This is a crawling tool to obtain article information of a certain journal from www.ieeexplore.org
-
Install mongodb.
To verify if mongodb is installed successfully, type the following codes in the shell:
mongod --version
-
Install python 3.x, and pip. (You can use virtualenv if you like it)
-
For linux, install libxml2 and libxslt. For windows, download lxml model from here, then type the following codes:
cd /path/to/ieee-crawler # open virtualenv if you like pip install wheel pip install /path/to/lxml-x.x.x.whl
-
Type the following codes in the shell
cd /path/to/ieee-crawler # open virtualenv if you like pip install -r requirements.txt
-
Type the following codes in the shell
cd /path/to/ieee-crawler mongod --dbpath db
-
Open another shell, and type the following codes:
cd /path/to/ieee-crawler python run.py <number-of-journal> <mode>
where:
- number-of-journal: the number of the journal you are interested in. For instance, the number of "IEEE Transactions on Smart Grid" is 5165411
- mode: there are three modes, i.e. "current"(current issue), "early"(early access), "new"(new articles)

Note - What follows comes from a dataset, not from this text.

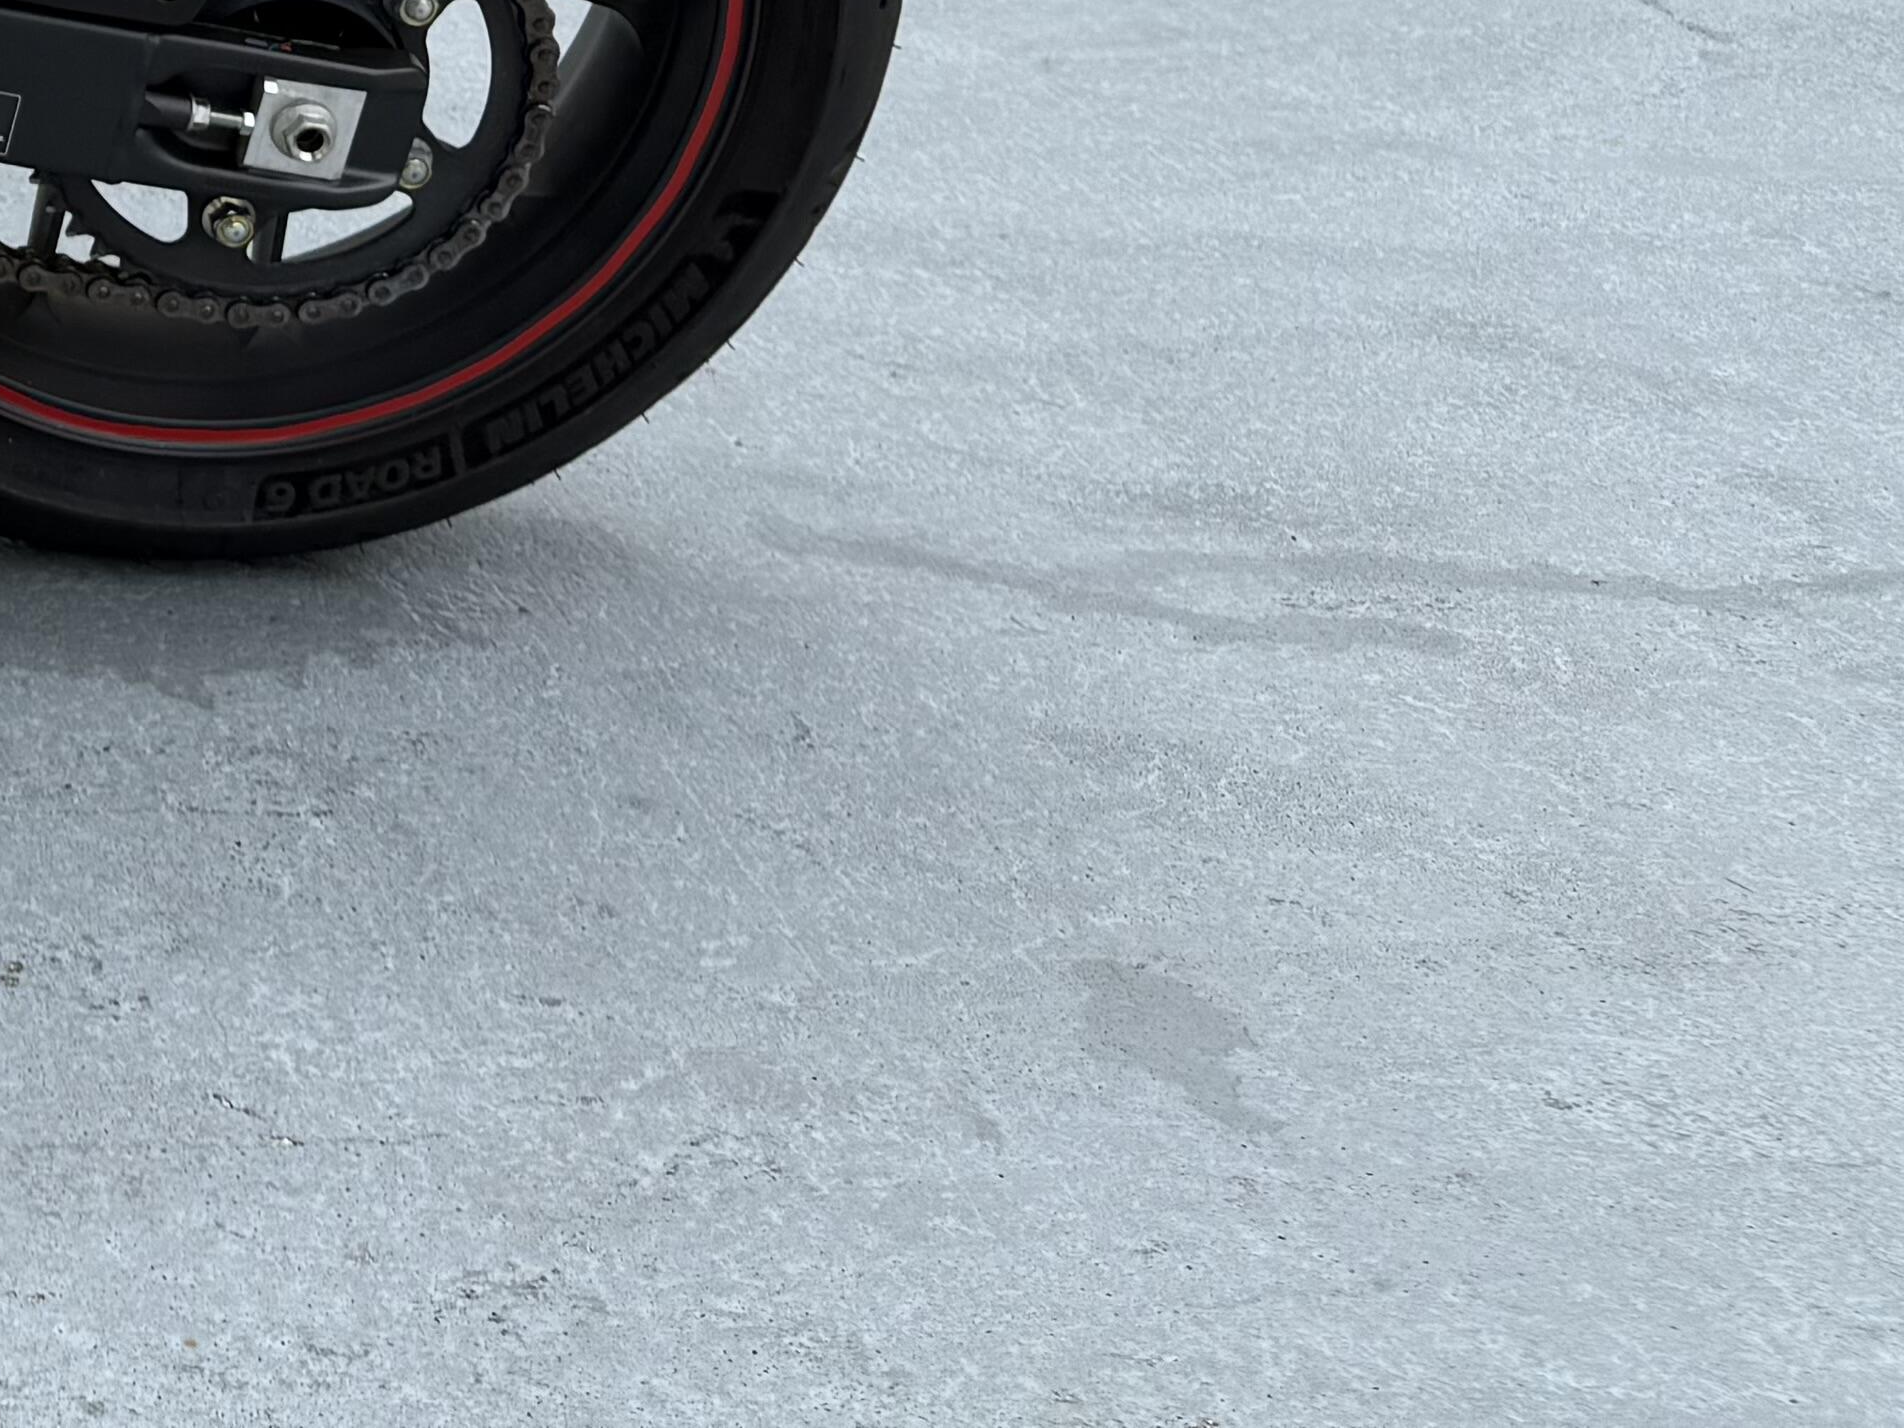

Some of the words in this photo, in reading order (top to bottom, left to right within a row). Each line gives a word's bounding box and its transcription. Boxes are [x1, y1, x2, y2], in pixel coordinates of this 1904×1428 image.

[482, 261, 711, 455] MICHELIN
[265, 480, 298, 513] 6
[309, 445, 444, 510] ROAD

All article information will be saved into the database. If you choose Mode "new", articles already in the database will not be crawled again. Mode "new" can be used when you want to get the most recent articles that you've never watched before.
-
The results are saved in directory "out". There are 3 kinds of files:
- [number-of-journal]_current_issue.txt: for current issue
- [number-of-journal]_early_access.txt: for early access
- [number-of-journal]_new_articles.txt: for new articles
the name and abstract will be shown in these files.